Top of Materials provided
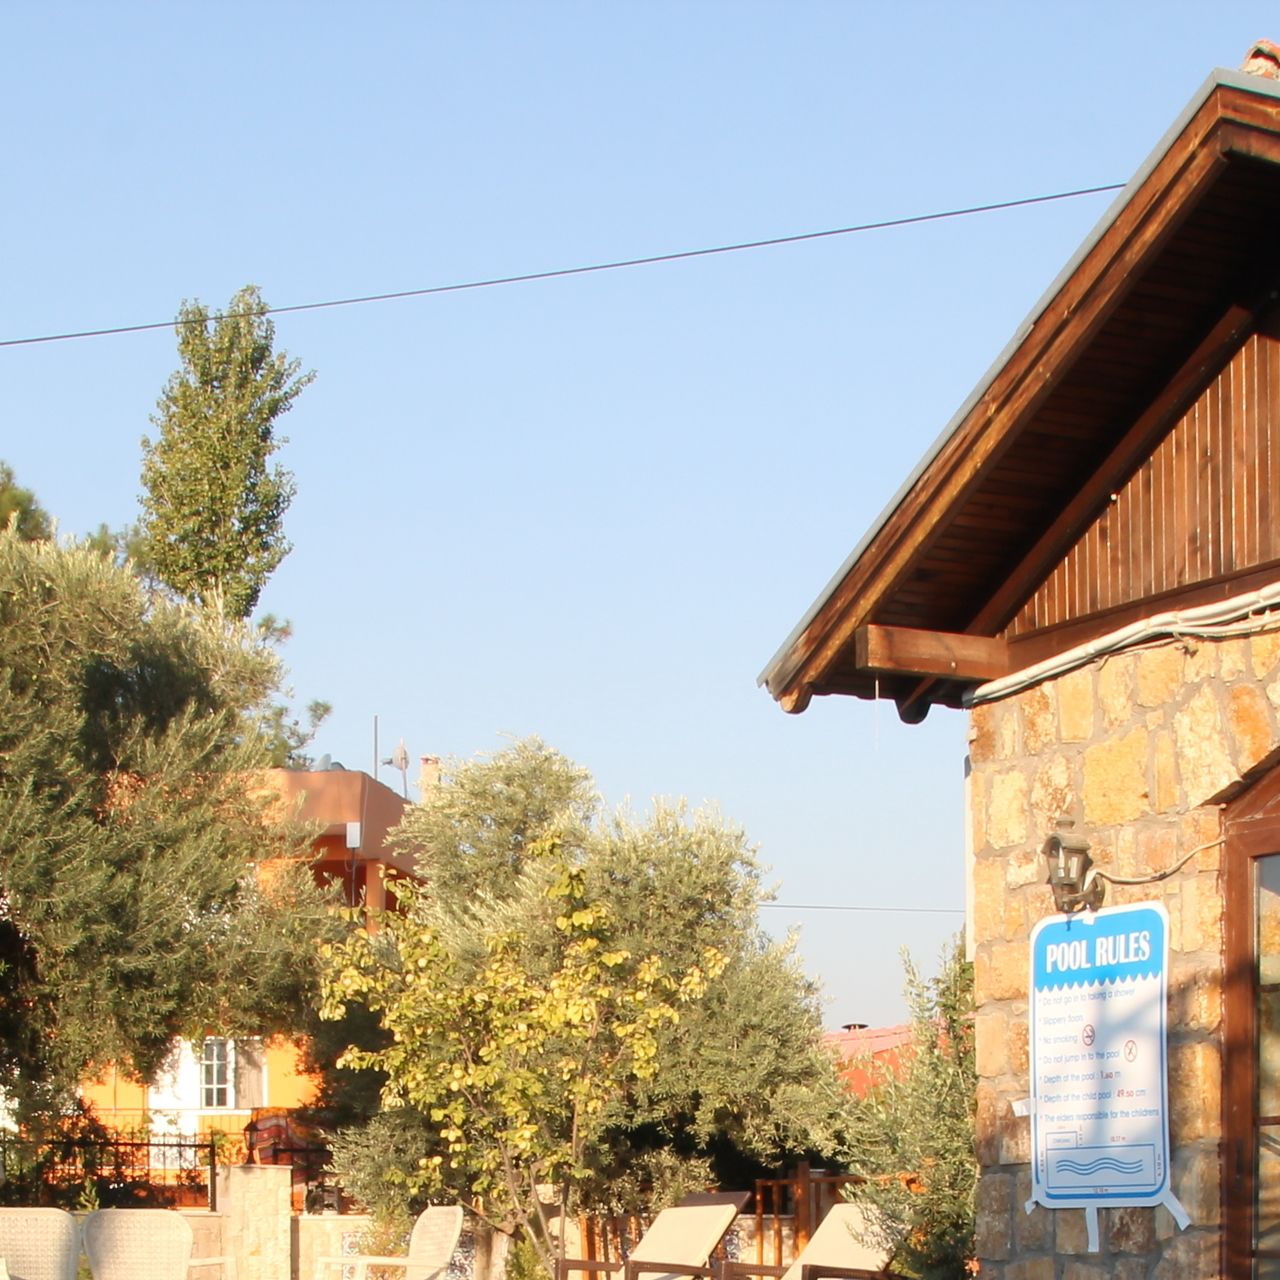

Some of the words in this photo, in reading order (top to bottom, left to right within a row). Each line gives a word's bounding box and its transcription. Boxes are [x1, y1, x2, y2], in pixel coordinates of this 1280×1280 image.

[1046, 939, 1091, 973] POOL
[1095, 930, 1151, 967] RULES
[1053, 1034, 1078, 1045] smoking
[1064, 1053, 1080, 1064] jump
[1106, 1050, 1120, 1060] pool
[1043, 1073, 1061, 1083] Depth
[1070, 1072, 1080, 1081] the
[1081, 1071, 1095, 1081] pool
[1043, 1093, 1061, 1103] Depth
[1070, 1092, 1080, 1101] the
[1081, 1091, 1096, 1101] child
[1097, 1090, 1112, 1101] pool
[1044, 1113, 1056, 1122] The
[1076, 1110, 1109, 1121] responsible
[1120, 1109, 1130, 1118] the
Bottom of Materials provided
Would you copy all the material exactly, dropping the pictures?

Some of the words in this photo, in reading order (top to bottom, left to right within a row). Each line gives a word's bounding box and its transcription. Boxes are [x1, y1, x2, y2], in pixel coordinates of this 1280×1280 image.

[1046, 939, 1091, 973] POOL
[1095, 930, 1151, 967] RULES
[1053, 1034, 1078, 1045] smoking
[1064, 1053, 1080, 1064] jump
[1106, 1050, 1120, 1060] pool
[1043, 1073, 1061, 1083] Depth
[1070, 1072, 1080, 1081] the
[1081, 1071, 1095, 1081] pool
[1043, 1093, 1061, 1103] Depth
[1070, 1092, 1080, 1101] the
[1081, 1091, 1096, 1101] child
[1097, 1090, 1112, 1101] pool
[1044, 1113, 1056, 1122] The
[1076, 1110, 1109, 1121] responsible
[1120, 1109, 1130, 1118] the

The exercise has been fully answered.